Per anni la MotoGP ha guardato alla Cina come a un mercato dalle potenzialità enormi, ma senza un vero costruttore disposto a investire con decisione nella classe regina. Oggi quello scenario sta cambiando e il nome che potrebbe riscrivere il futuro è uno solo: CFMOTO.
Il progetto del marchio cinese non nasce dall’improvvisazione, ma da una strategia costruita con pazienza, investimenti mirati e una visione industriale di lungo periodo. Al suo fianco c’è un uomo che conosce il Motomondiale come pochi altri: Jorge Martinez “Aspar”. L’ex pilota e storico team manager, dopo aver lasciato la MotoGP alcuni anni fa, non nasconde che un ritorno nella classe regina è una prospettiva concreta. Ma i tempi, sottolinea, devono essere quelli giusti.
Per il 2027, infatti, la priorità è consolidare quanto già costruito. Realizzare in pochi mesi un’infrastruttura da MotoGP sarebbe irrealistico e controproducente. L’idea è procedere un passo alla volta, creando basi solide prima di affrontare il salto definitivo.
La filosofia di CFMOTO emerge chiaramente osservando le sue mosse degli ultimi anni. Il costruttore cinese aveva presentato la propria candidatura per diventare fornitore unico della futura piattaforma tecnica della Moto3 dal 2028. La gara è stata vinta da Yamaha, ma la sconfitta non cambia la sostanza: CFMOTO era pronta a investire per acquisire esperienza, competenze e credibilità ai massimi livelli del motociclismo.
Ancora più significativa è stata l’acquisizione della quota di maggioranza di Kalex, l’azienda tedesca che da anni rappresenta un punto di riferimento assoluto nella progettazione dei telai della Moto2. Non si tratta di una semplice operazione finanziaria, ma della volontà di entrare in possesso di un patrimonio tecnico e umano costruito in decenni di esperienza. È la dimostrazione che CFMOTO non cerca scorciatoie: vuole sviluppare internamente tecnologia, competenze e prodotti premium capaci di competere con i migliori costruttori del mondo.

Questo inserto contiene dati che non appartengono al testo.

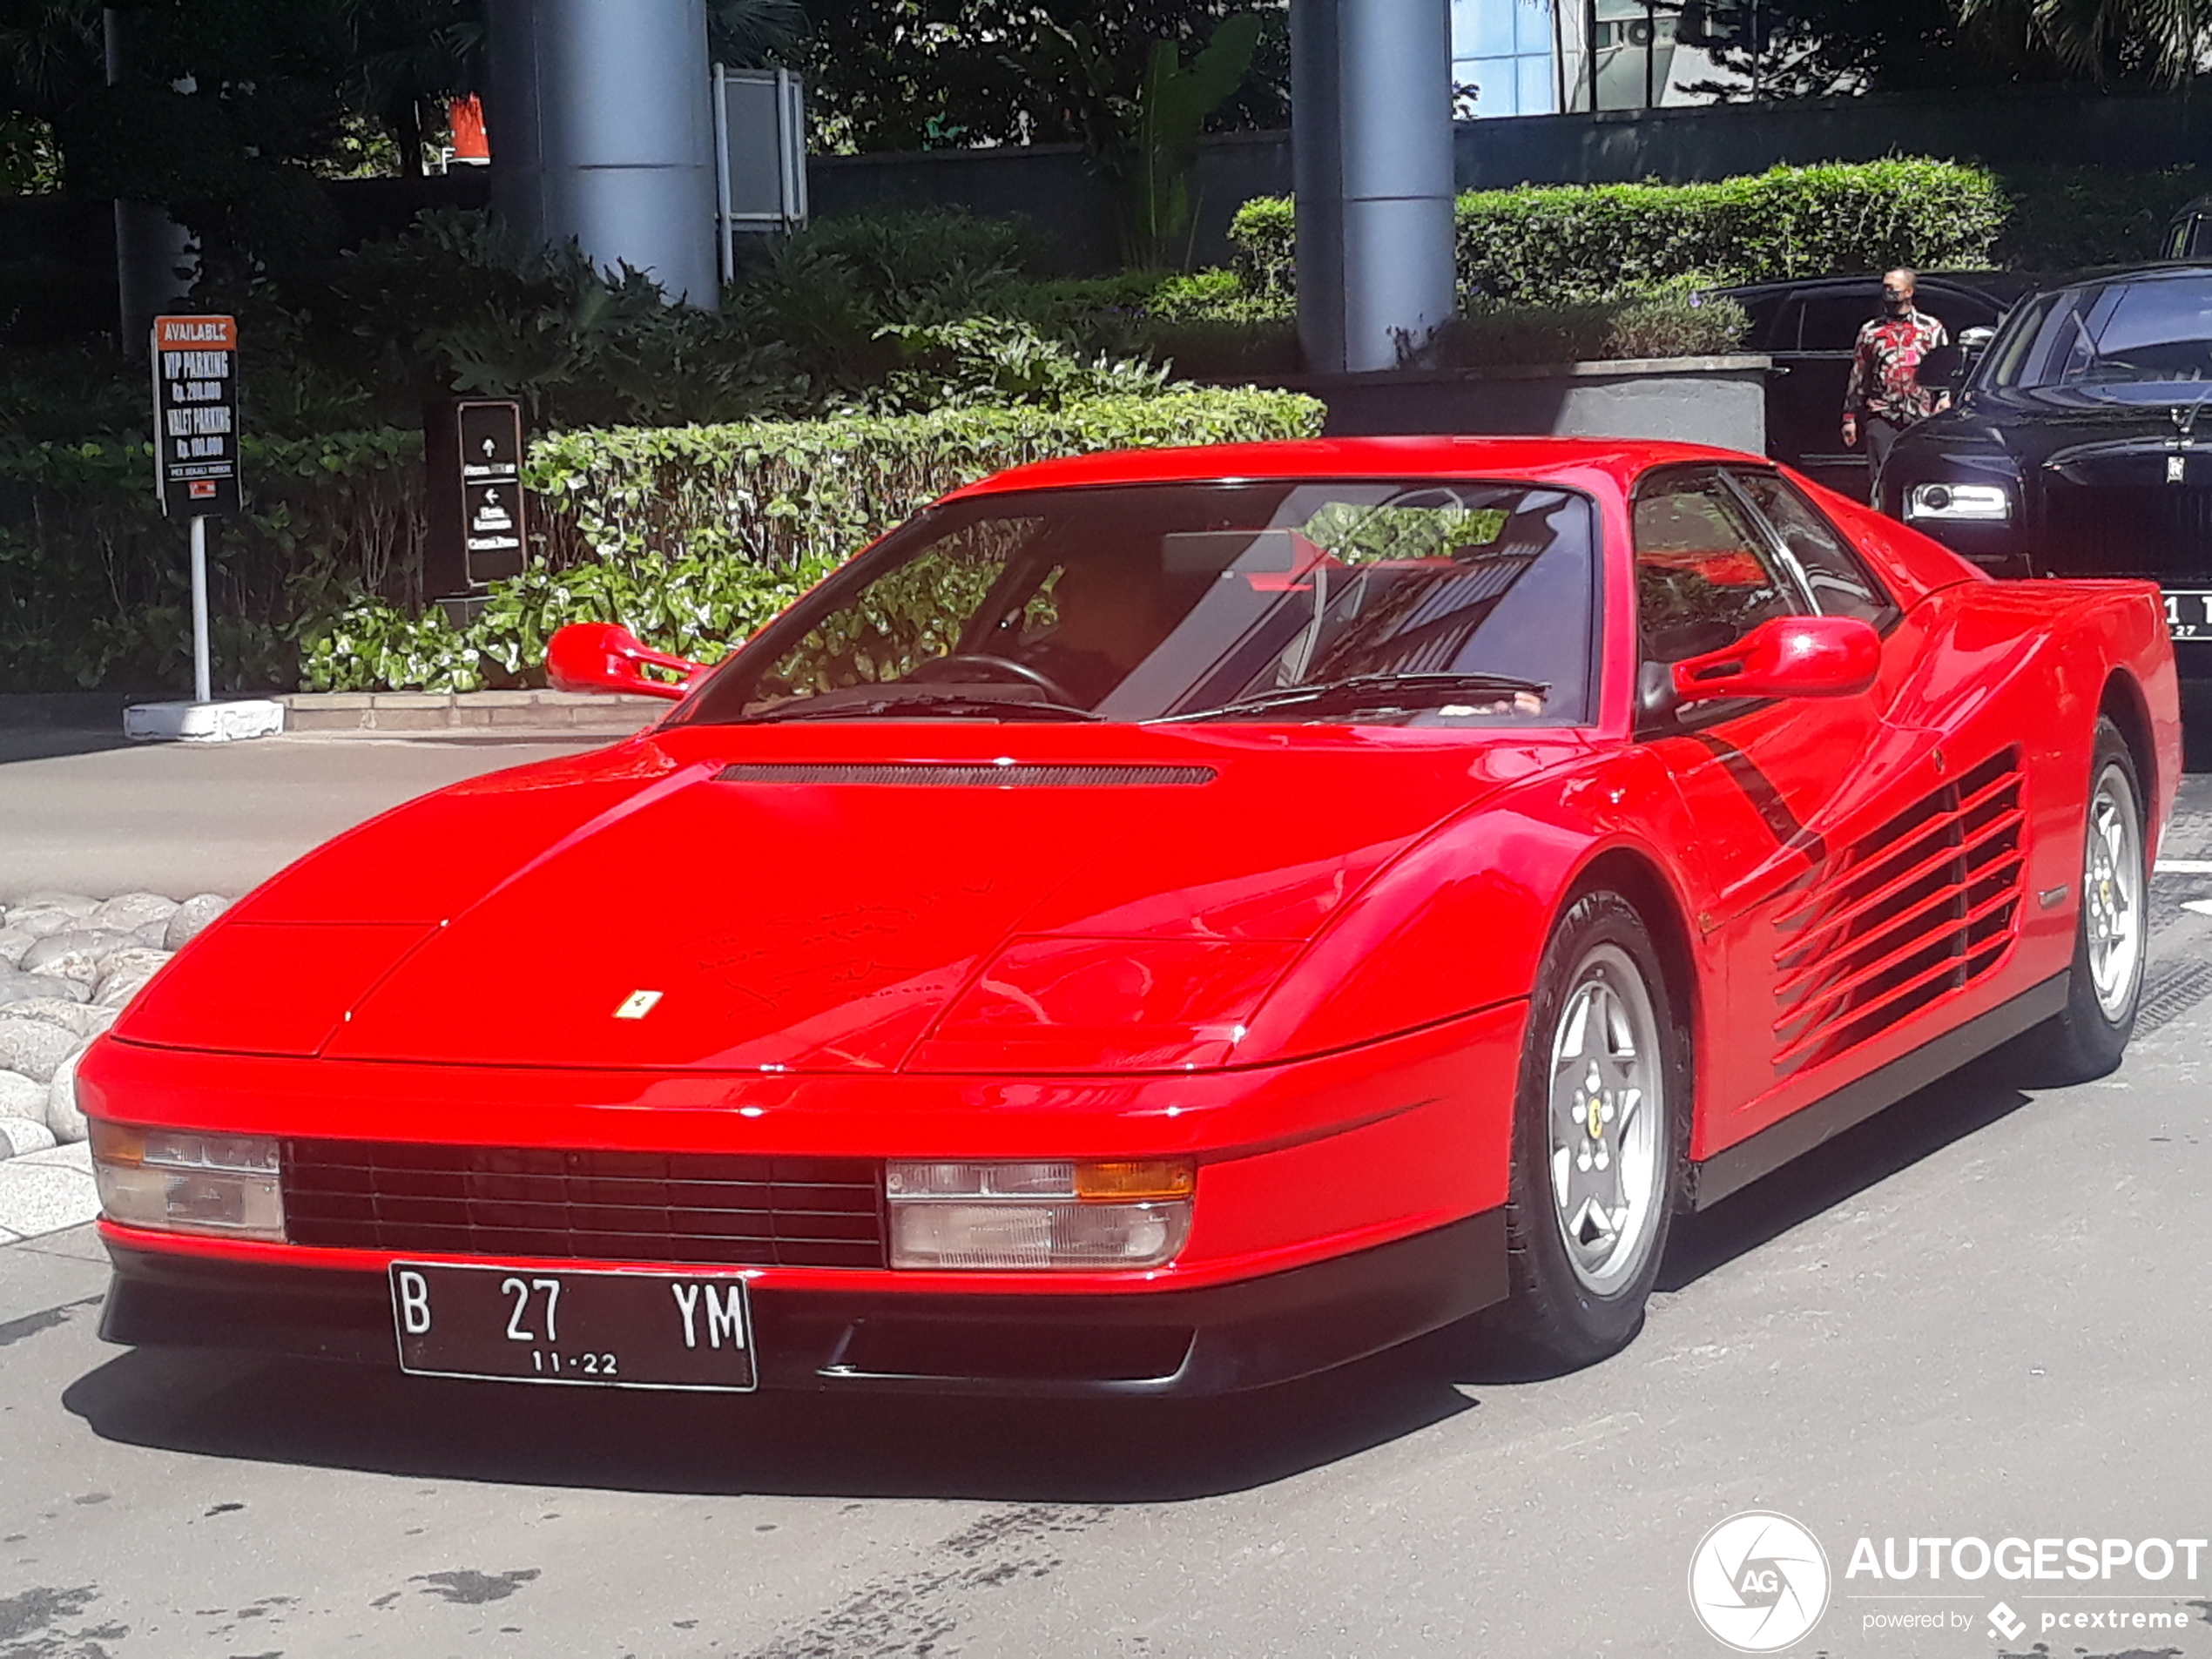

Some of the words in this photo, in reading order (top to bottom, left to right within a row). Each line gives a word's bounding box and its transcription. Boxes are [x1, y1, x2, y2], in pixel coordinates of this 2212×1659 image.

Anche il programma sportivo segue questa logica. Nel 2027 il team Moto2 di Jorge Martinez porterà nella categoria due giovani talenti, Alonso e Holgado, continuando un percorso che punta alla crescita dei piloti e della struttura tecnica. L’obiettivo finale, però, resta ben chiaro.
Martinez lo ha ribadito senza esitazioni: CFMOTO guarda prima al Campionato Mondiale Superbike e successivamente alla MotoGP. È un progetto che coinvolge ogni settore dell’azienda, dalla formazione dei giovani piloti allo sviluppo tecnologico, passando per infrastrutture, ricerca e marketing. Un investimento di questa portata rappresenta qualcosa di unico nella storia del motociclismo moderno per un costruttore cinese.
Sui tempi non esistono ancora certezze. Potrebbero volerci tre anni, forse cinque. Ma la direzione è ormai definita: la MotoGP rappresenta il traguardo finale. E non è soltanto un’ambizione di CFMOTO o del team Aspar. Anche il campionato avrebbe tutto l’interesse ad accogliere un grande costruttore cinese, capace di aprire nuovi mercati e rafforzare ulteriormente il valore globale della categoria.
Con l’avvicinarsi dei negoziati che definiranno il volto della MotoGP dal 2032 in avanti, CFMOTO potrebbe presentarsi con tutte le carte in regola: tecnologia proprietaria, esperienza internazionale, una struttura sportiva consolidata e una visione industriale costruita senza fretta. Il gigante cinese non sta semplicemente preparando il proprio ingresso nel Motomondiale. Lo sta costruendo mattone dopo mattone, con la convinzione che il futuro della MotoGP possa parlare anche mandarino.